◆ Task objective
Make an exact copy of the records that follow, with each picture omitted.

◆ Data to use
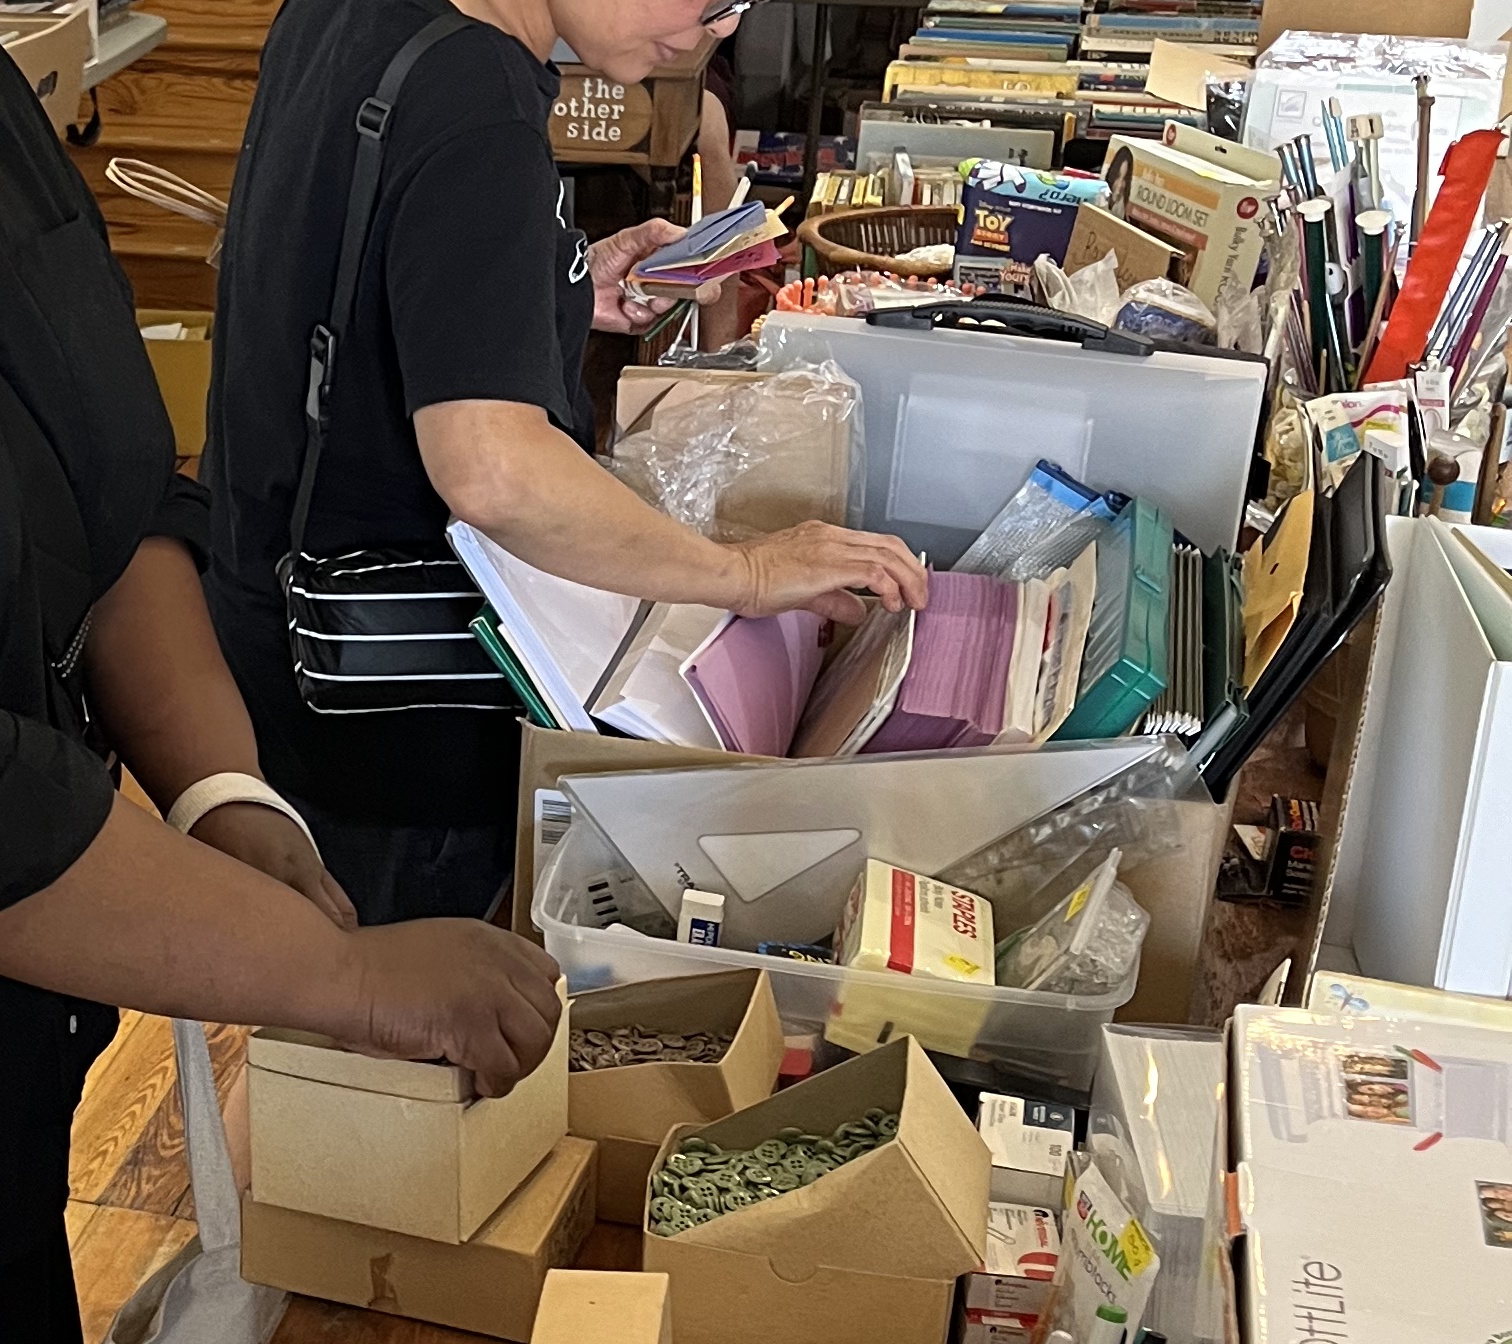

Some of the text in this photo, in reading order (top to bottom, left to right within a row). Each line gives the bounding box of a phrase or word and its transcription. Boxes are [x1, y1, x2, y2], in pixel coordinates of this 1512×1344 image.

[583, 77, 625, 101] the
[554, 97, 625, 120] other
[566, 120, 622, 142] side
[1137, 184, 1167, 210] ROUND
[1165, 197, 1193, 222] LOOM
[1192, 209, 1210, 228] SET
[974, 207, 1015, 232] TOY
[951, 890, 977, 939] STAPLES
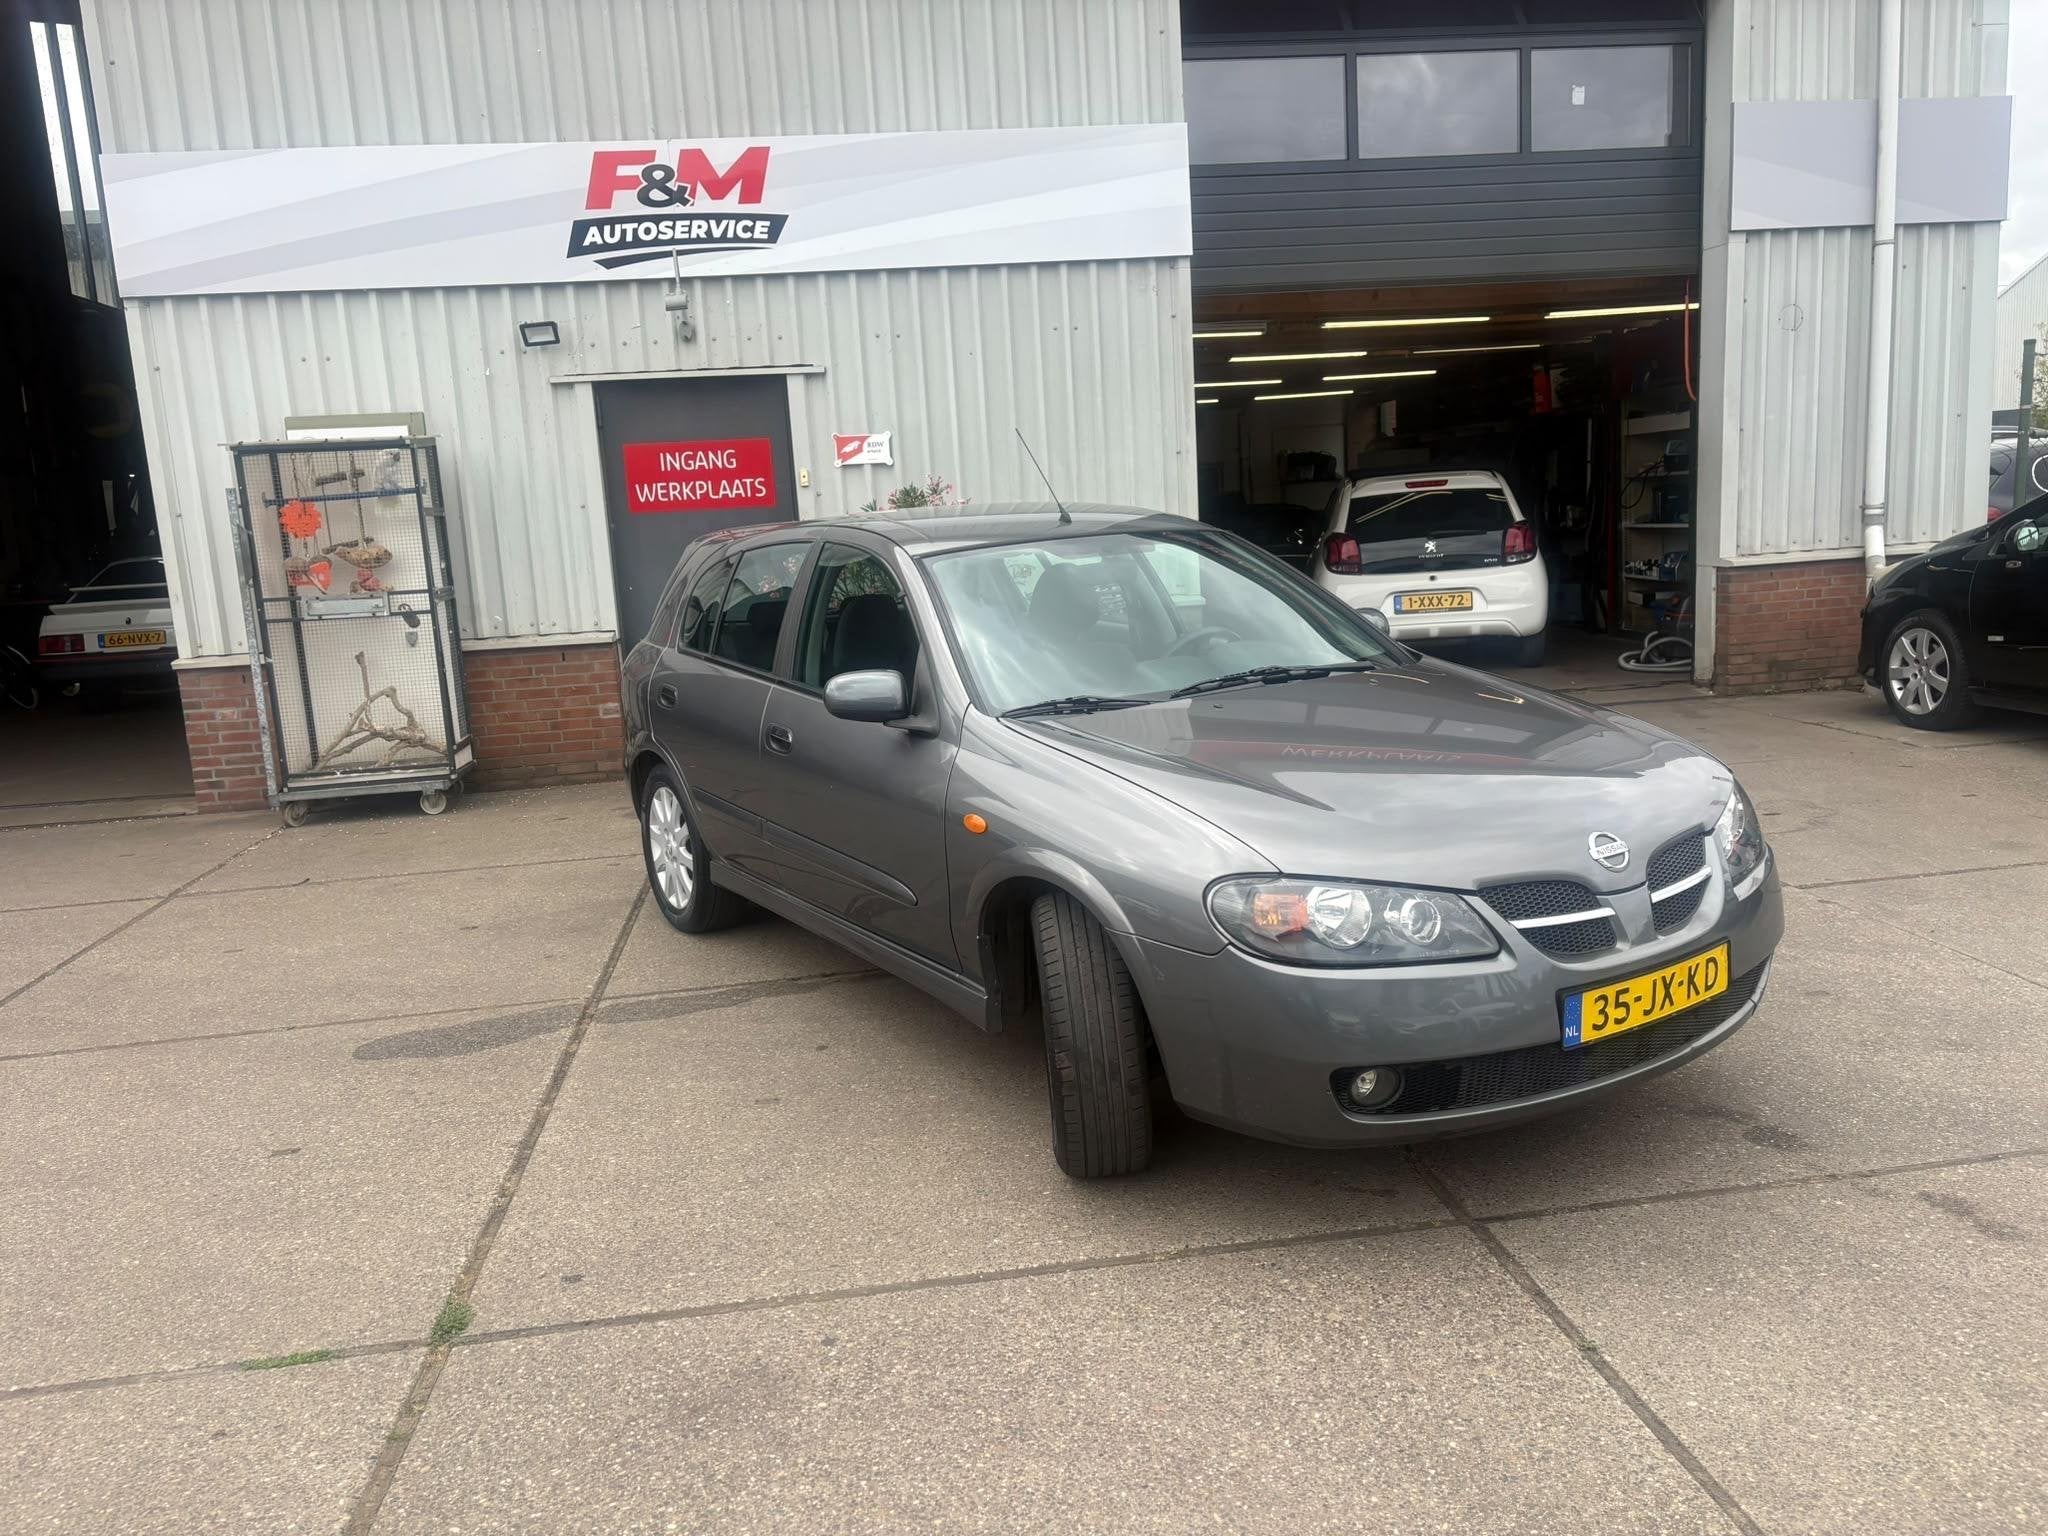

◆ Written solution
Some of the text in this photo, in reading order (top to bottom, left to right within a row). Each line gives the bounding box of a phrase or word and its transcription. Boxes are [x1, y1, x2, y2], in pixel coordinates of this 1512×1344 image.

[583, 77, 625, 101] the
[554, 97, 625, 120] other
[566, 120, 622, 142] side
[1137, 184, 1167, 210] ROUND
[1165, 197, 1193, 222] LOOM
[1192, 209, 1210, 228] SET
[974, 207, 1015, 232] TOY
[951, 890, 977, 939] STAPLES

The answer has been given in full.